→ EXERCISE AIM
Pictures stay out; everything else in the records is to be copied exactly.

--- SUPPLIED RECORDS Enclosed Below ---

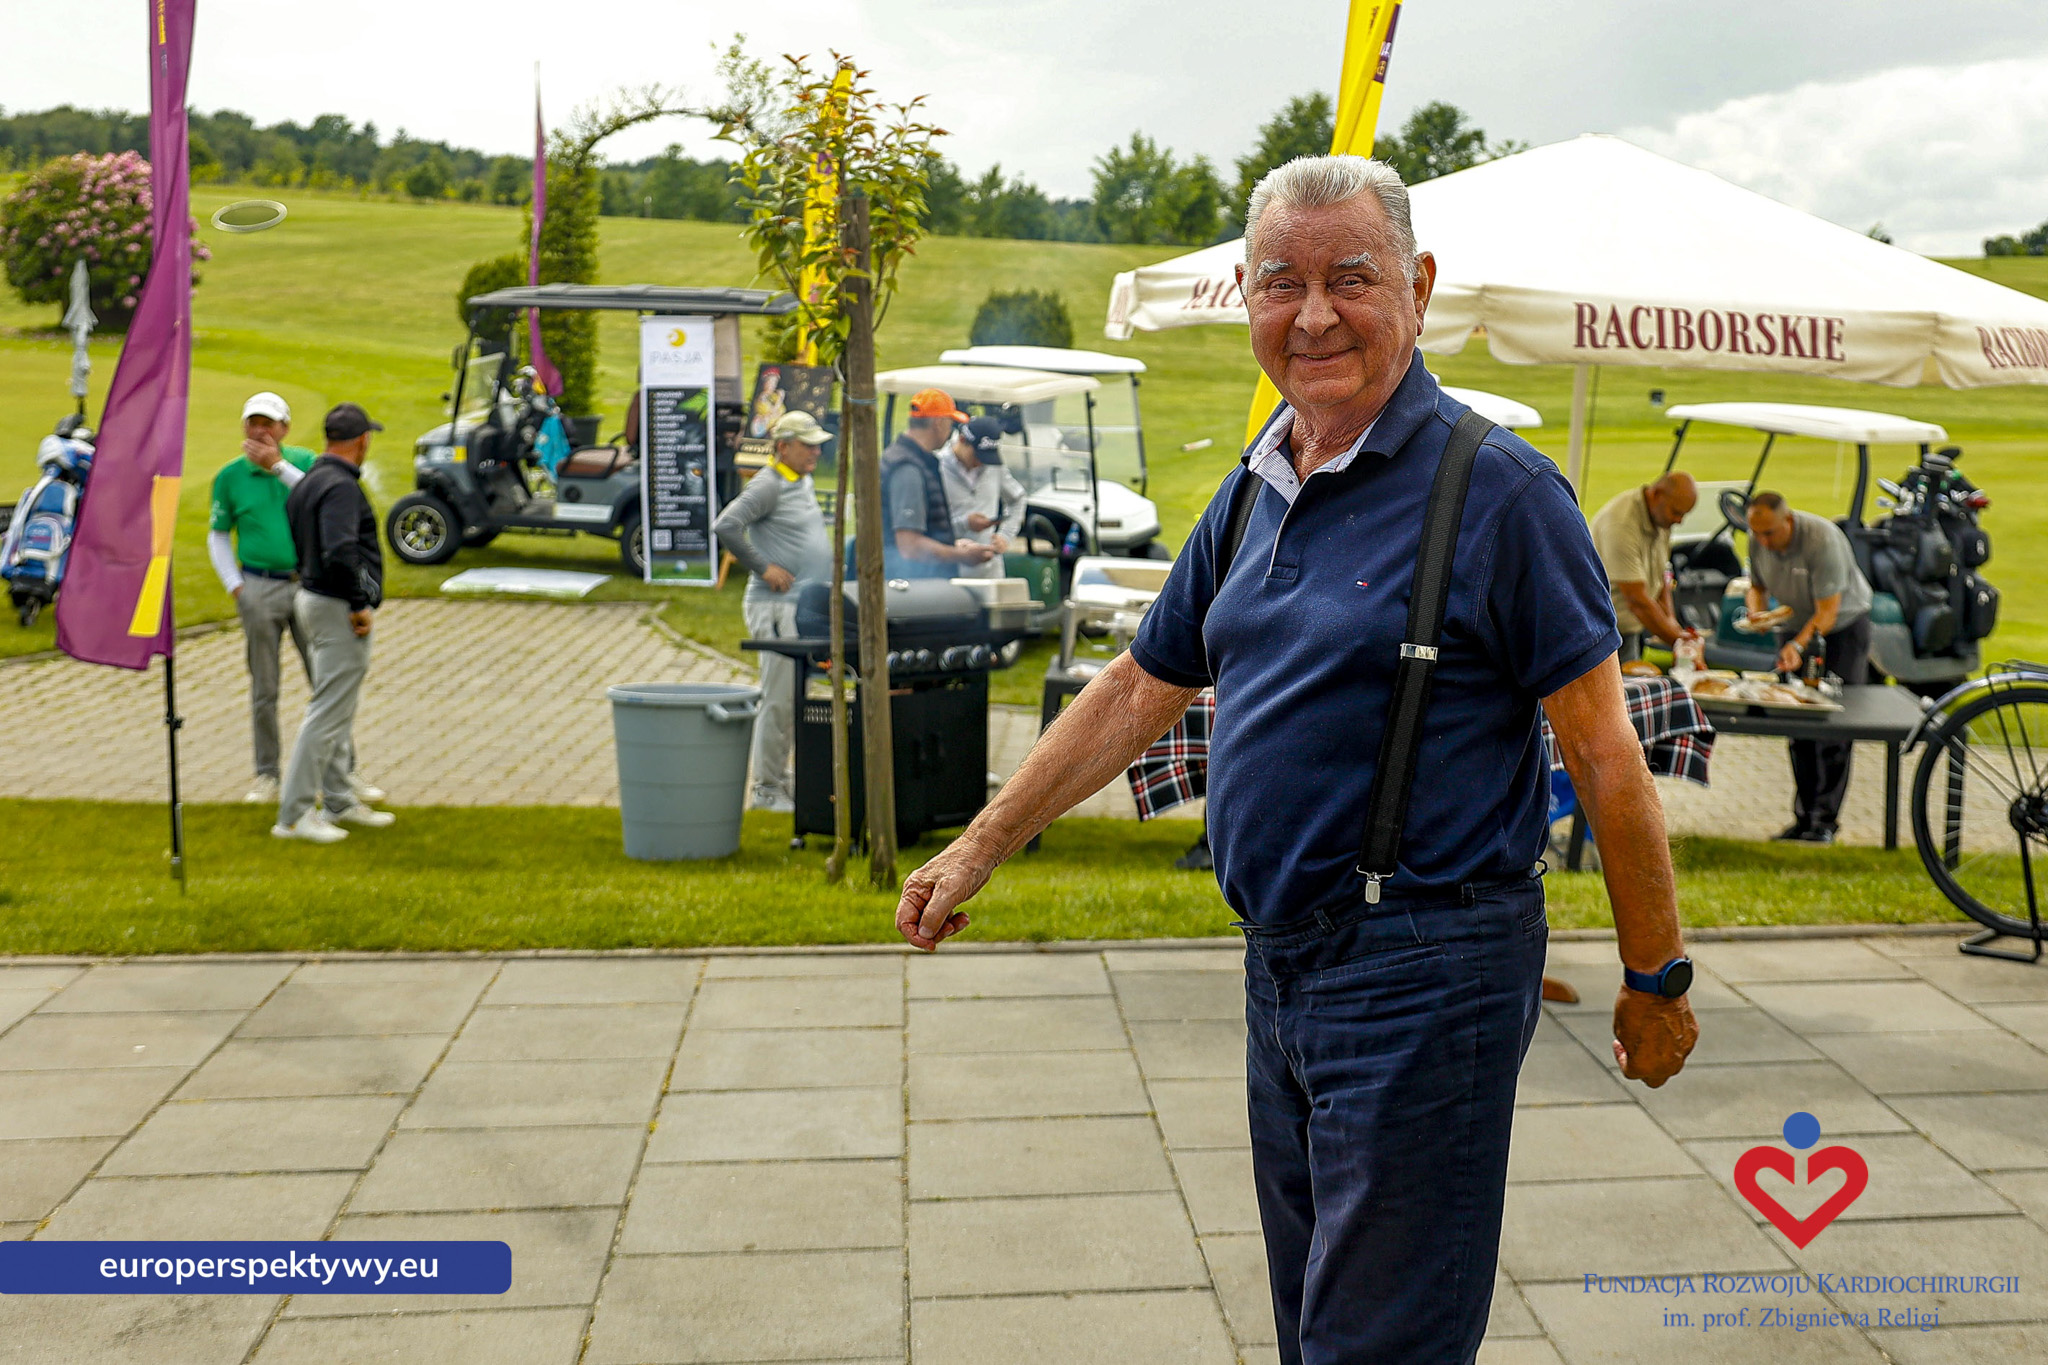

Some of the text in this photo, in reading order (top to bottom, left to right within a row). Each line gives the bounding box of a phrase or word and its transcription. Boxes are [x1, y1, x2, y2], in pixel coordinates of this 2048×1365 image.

[1181, 278, 1244, 310] RAC
[1574, 301, 1846, 362] RACIBORSKIE
[649, 350, 704, 364] PASJA
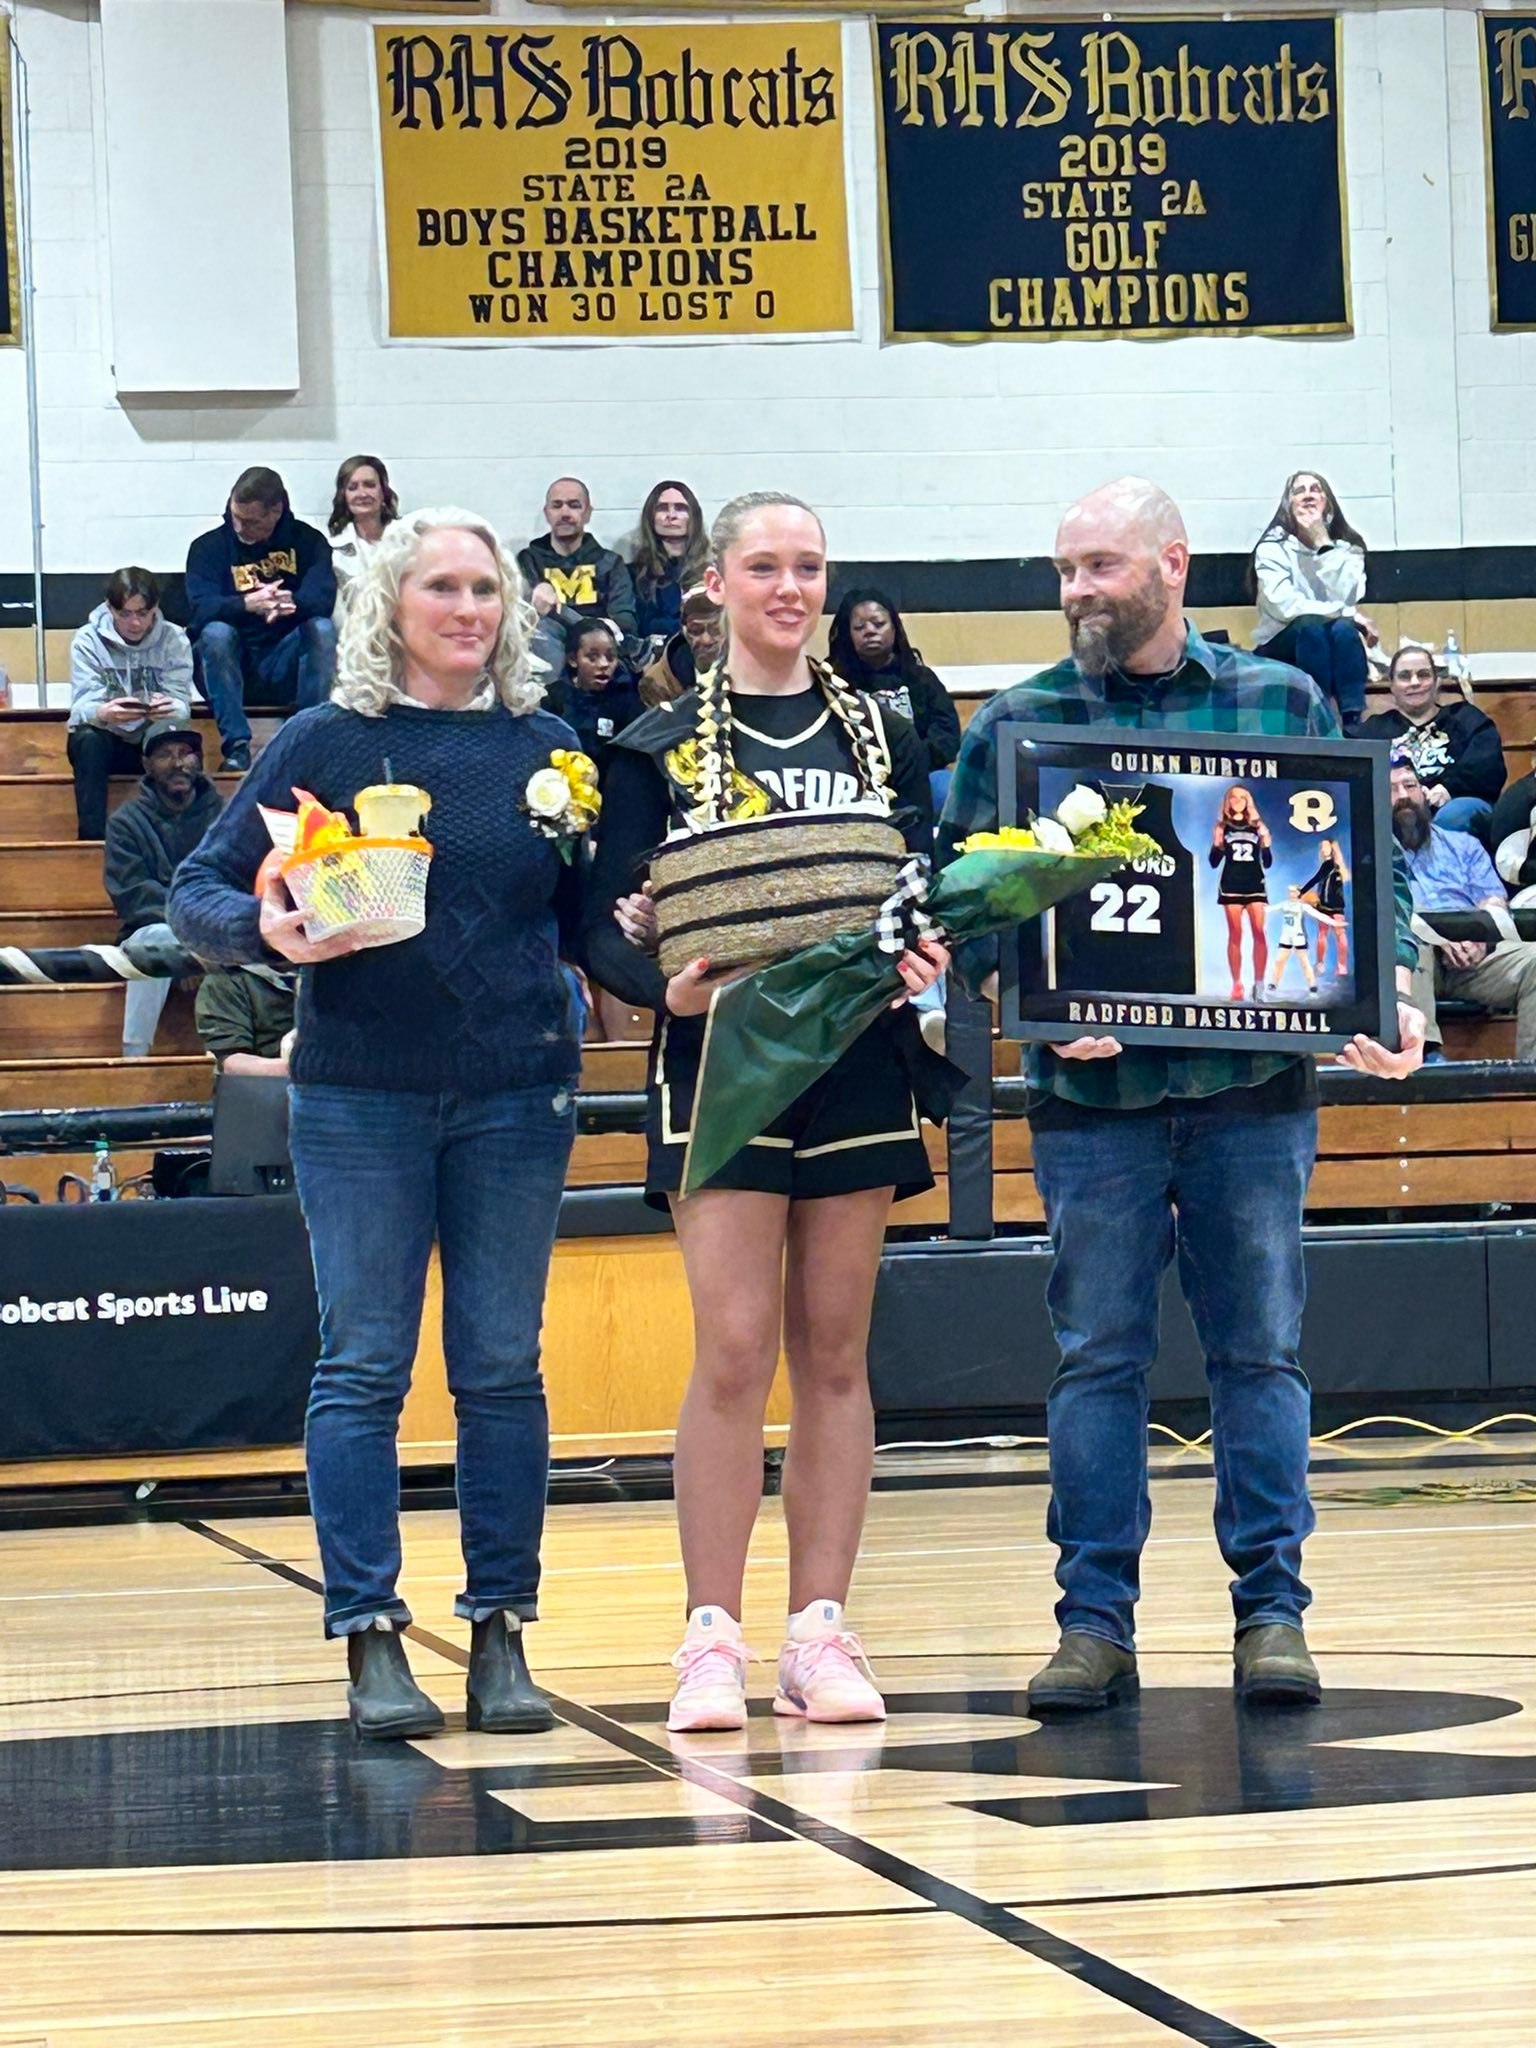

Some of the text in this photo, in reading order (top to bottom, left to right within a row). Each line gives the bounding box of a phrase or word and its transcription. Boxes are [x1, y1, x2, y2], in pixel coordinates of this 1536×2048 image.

--- End of Enclosed SUPPLIED RECORDS ---

→ WORKED SOLUTION
Some of the text in this photo, in reading order (top to bottom, left to right within a row). Each line gives the bounding box of a phrase or word and its transcription. Boxes are [x1, y1, x2, y2], in pixel coordinates of this 2048×1365 image.

[1181, 278, 1244, 310] RAC
[1574, 301, 1846, 362] RACIBORSKIE
[649, 350, 704, 364] PASJA

Some of the text in this photo, in reading order (top to bottom, left to right within a row). Each line gives the bounding box of a phrase or word and its transcription. Boxes are [x1, y1, x2, y2], in pixel coordinates of this 1536×2048 image.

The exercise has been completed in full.